In 2019 from the months of April to June there were 883 calls to police from members of the public within a 250-metre zone near the Safeworks consumption site.

The call frequency is 40 percent higher than the three year average for that same quarter.

Beltline residents have started finding themselves feeling unsafe with the addition of the Chumir Centre, which has intensified quite recently.

Not only are more calls coming in about suspicious persons, and unwanted guests hanging out in the area, but violent, property, and drug-related crimes have all spiked since the centre started operating 24/7 on April 30th, 2018.

Some of the problems lie in the goals for the centre as outlined in the Alberta Health Services’ website. At the outset, the operation of safe injection sites focused solely on sustaining the health of drug users, not the safety of the surrounding community as well. In pursuit of one noble goal, those living in the Beltline have ended up paying the hidden social costs.

Calgary police Chief Mark Neufeld said that reports had shown a correlation between the usage of the Chumir Health Centre and calls to police. Neufeld said that approximately every two unique safe consumption site users generate one call to the police per quarter.

In the July 2019 report on the Chumir centre, it showed that unique visitors to the centre was sitting around 1,179 persons for a total of 5,942 visits during that month.

What may also be of distress to many Beltline residents is how relentless the use of the centre seems to be throughout the day. For 22 hours of the day, use of the site remains consistent at two to three percent of daily users showing up per hour, with only 4 am and 5 am seeing fewer visits.

Residence and business owners near the Chumir centre have also noticed several issues with the execution of the centre.

Although the safe injection site does provide clean needles and a safety net of medical professionals for users to safely use drugs, those living in the areas have noticed a sharp increase in the amount of drug paraphernalia littered on the streets.

Business owners have even started restricting drug users from entering their stores as many have had to call in the police to deal with increased levels of public disturbances from those under the influence.

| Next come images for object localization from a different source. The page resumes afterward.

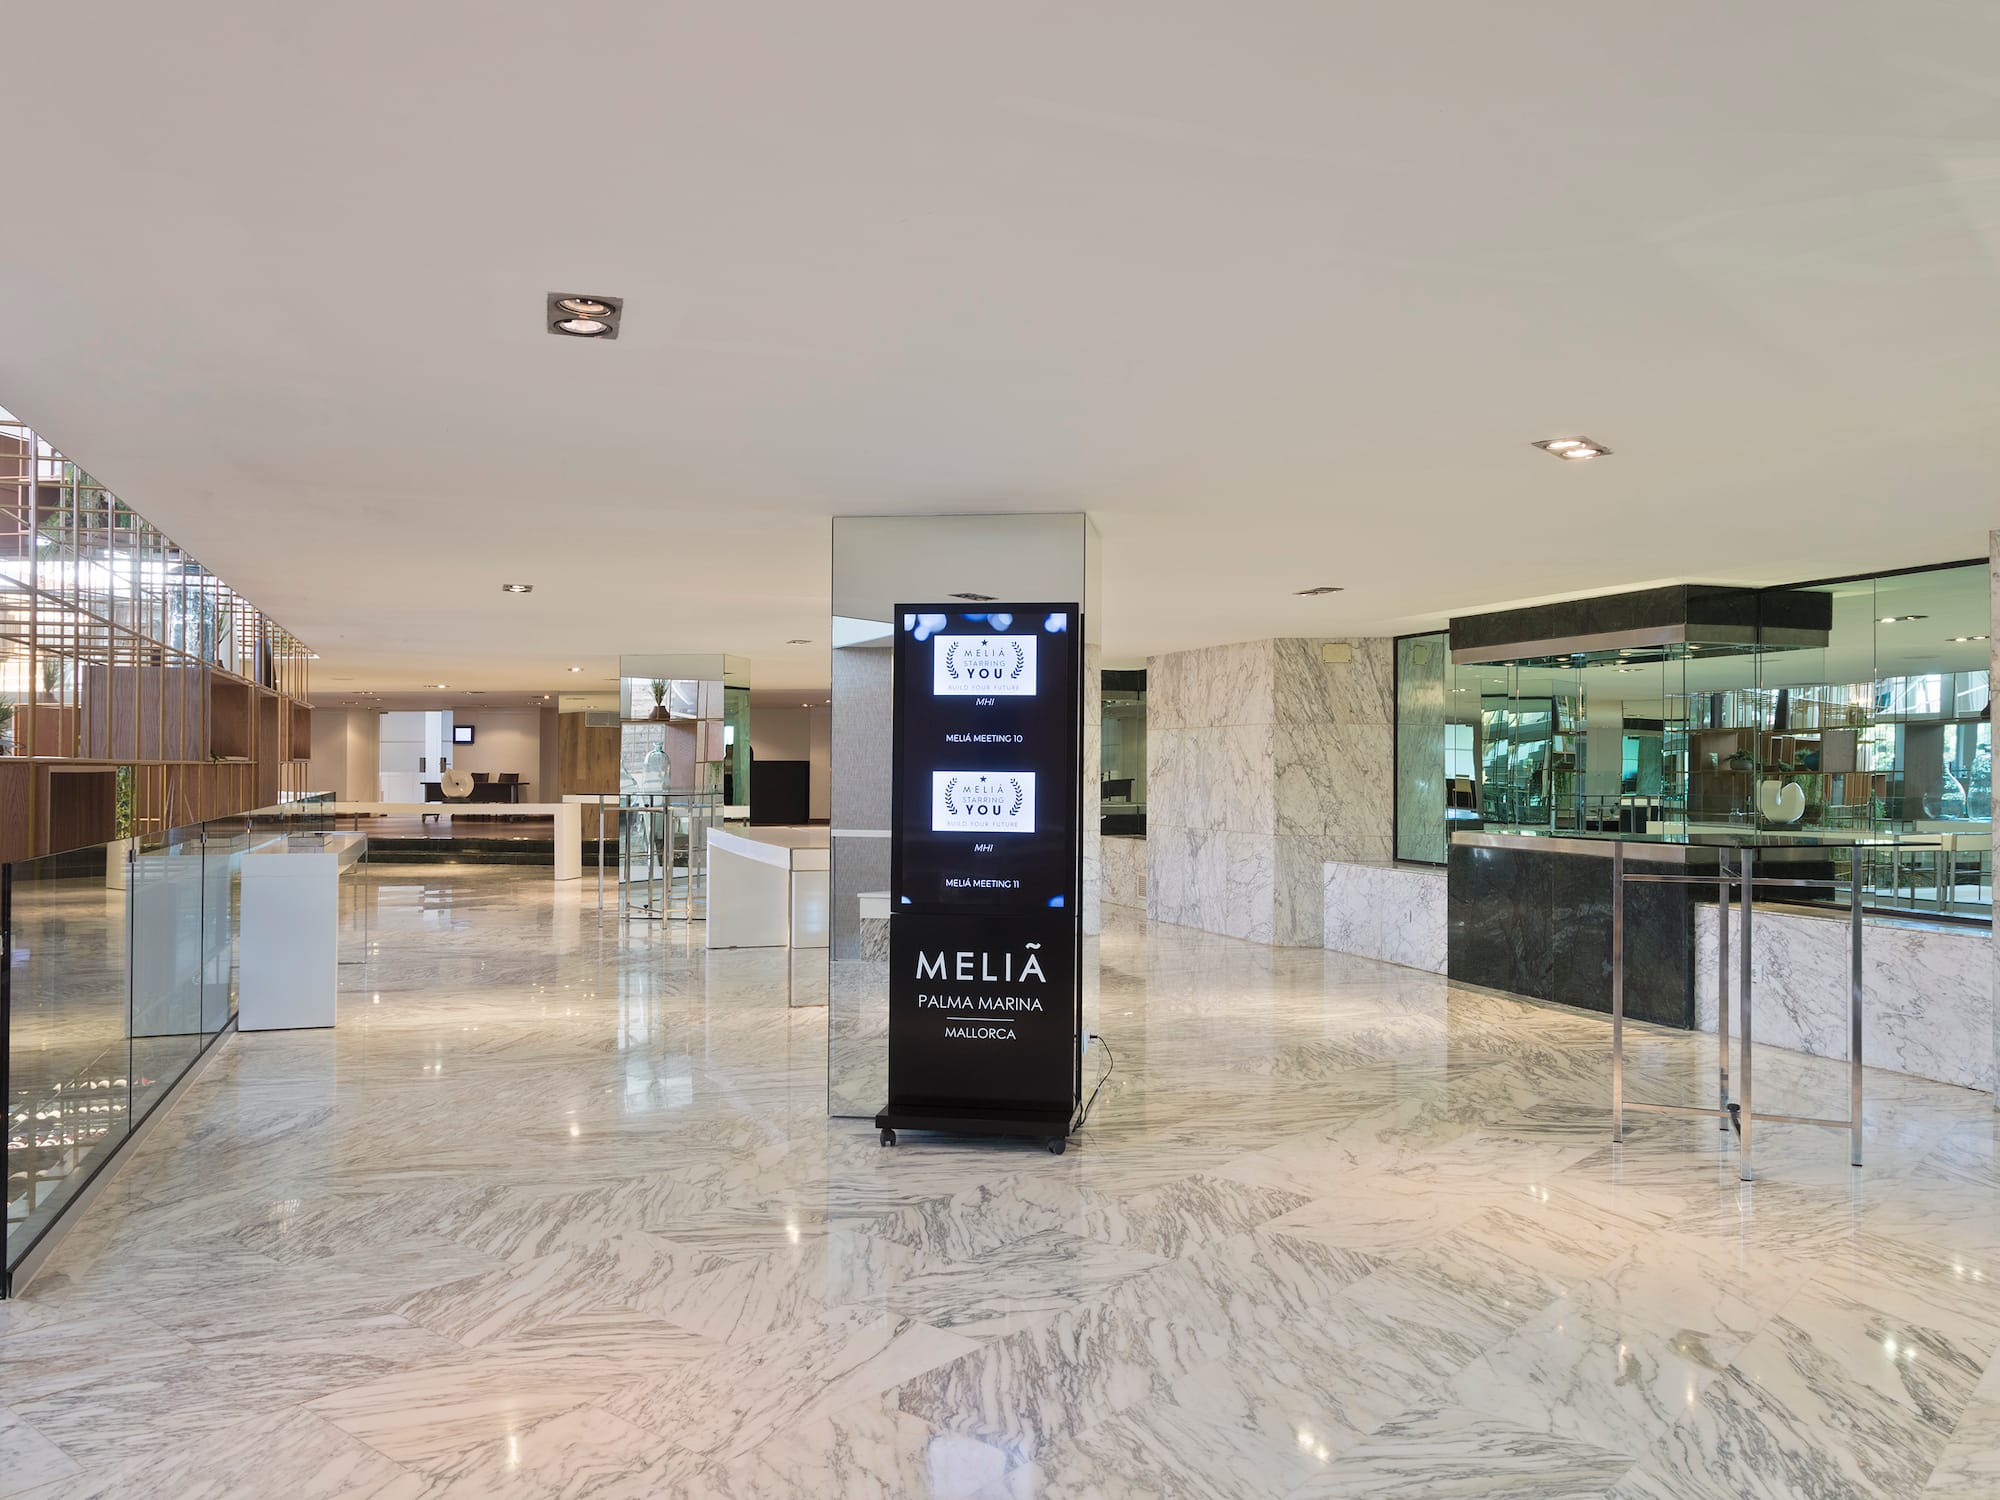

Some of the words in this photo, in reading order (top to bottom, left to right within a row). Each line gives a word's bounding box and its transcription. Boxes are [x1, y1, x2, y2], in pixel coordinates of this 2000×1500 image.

[964, 647, 1005, 657] MELIÁ
[967, 668, 1003, 679] YOU
[975, 698, 995, 706] MHI
[946, 733, 972, 743] MELIÁ
[973, 734, 1012, 743] MEETING
[1013, 734, 1023, 743] 10
[962, 784, 1004, 794] MELIÁ
[965, 805, 1002, 816] YOU
[974, 844, 994, 852] MHI
[946, 878, 971, 888] MELIÁ
[973, 879, 1012, 888] MEETING
[1013, 880, 1020, 888] 11
[918, 994, 974, 1010] PALMA
[978, 996, 1043, 1012] MARINA
[944, 1027, 1017, 1040] MALLORCA
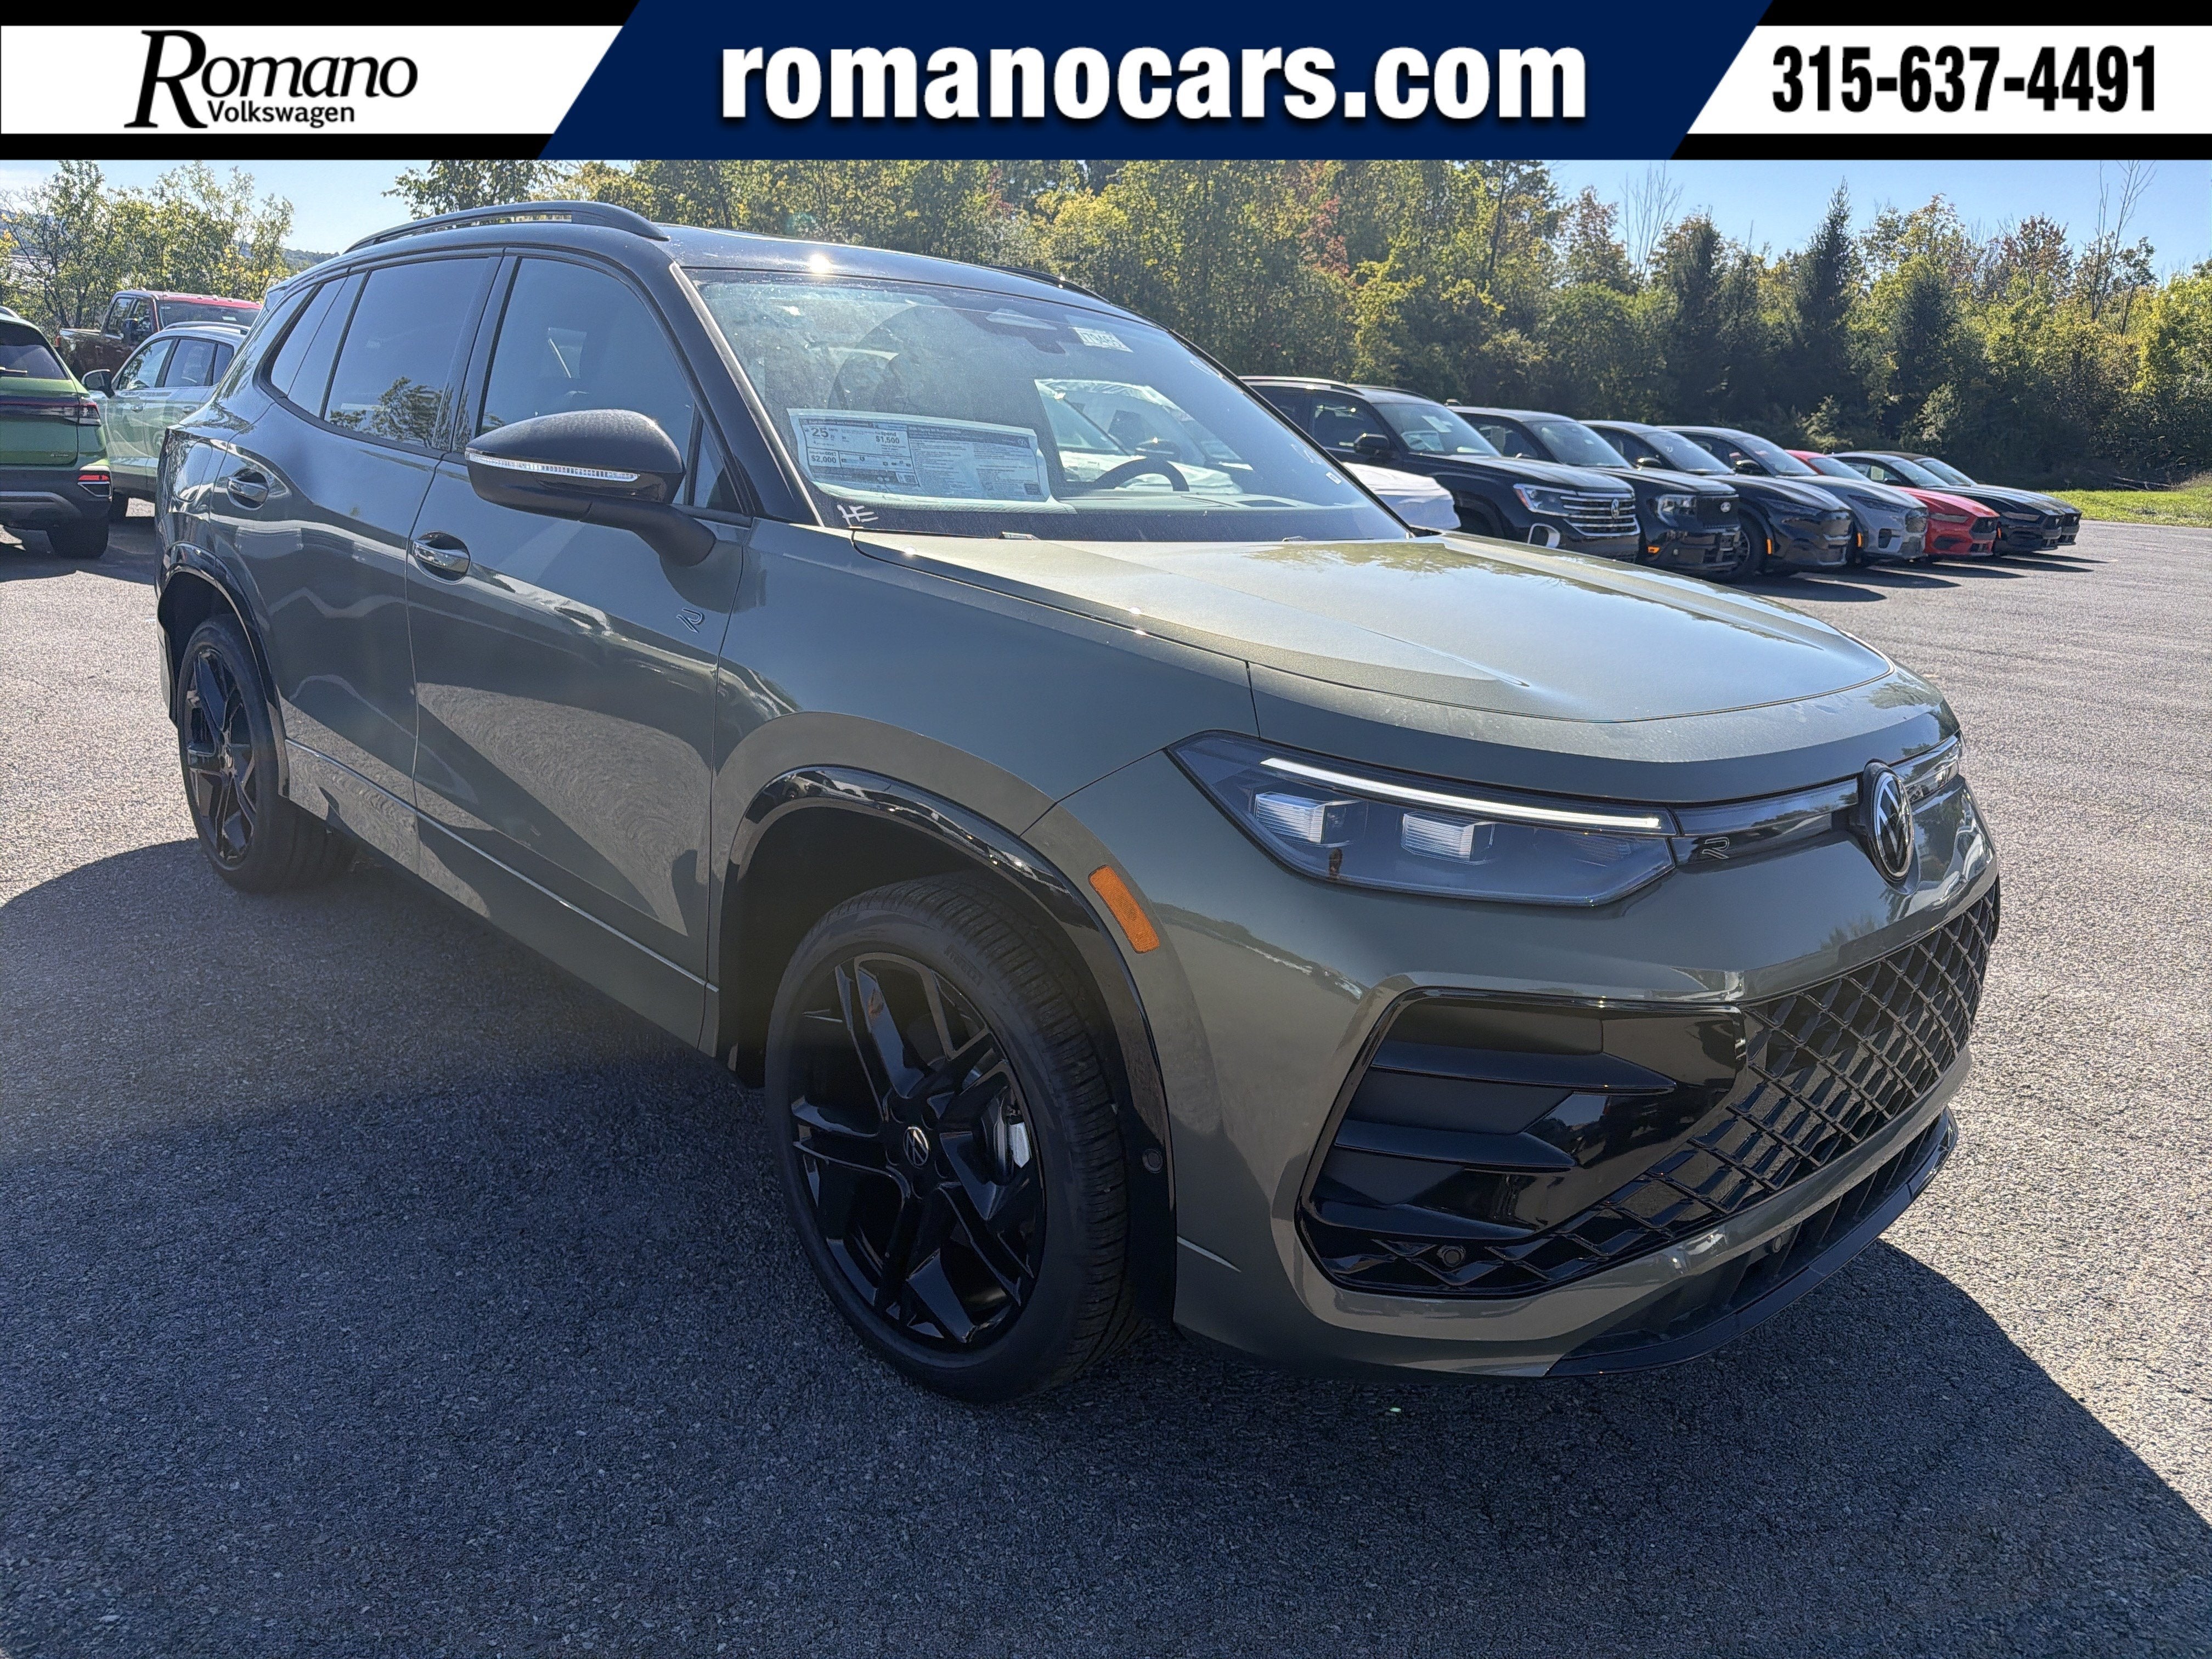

Much of the issues may be originating from the observation that the safe consumption site has attracted drug sales in the Beltline whether the buyers intend to use them in the Chumir Centre or not. That will also bring more crime with it, in general, as increased in one form of crime will perpetuate others as well.

AHS rules forbid drug sales in the centre, and that seems to be unchangeable as the province cannot directly support the sale of drugs (especially when the quality is often dubious), so the illegal activity will remain spread out nearby the centre.

Just yesterday Alberta’s Associate Minister of Mental Health, Jason Luan, announced that a committee review of the “social and economic impacts” of safe consumption sites will take place around the province including mobile sites.

The committee led by former Edmonton police Chief Rod Knecht will be taking into account police crime statistics, needle debris, social disorder, property value trends, emergency medical service calls, and business income.

The review will not take into account the effects that the safe consumption sites have for their users, as Luan said the UCP already has “wealths of information supporting the merits of supervised consumption sites…”, but the main concern now is what adverse effects have come along with the positive, previously ignored.

Overall areas like the Beltline have found it necessary to take a more traditional approach to drug issues in the meantime. Calgary city council just this past March voted for one million extra in police funding to cover the Beltline area.

With early results being so weak it seems unlikely Calgary or Alberta more generally will be in a hurry to open another safe consumption site.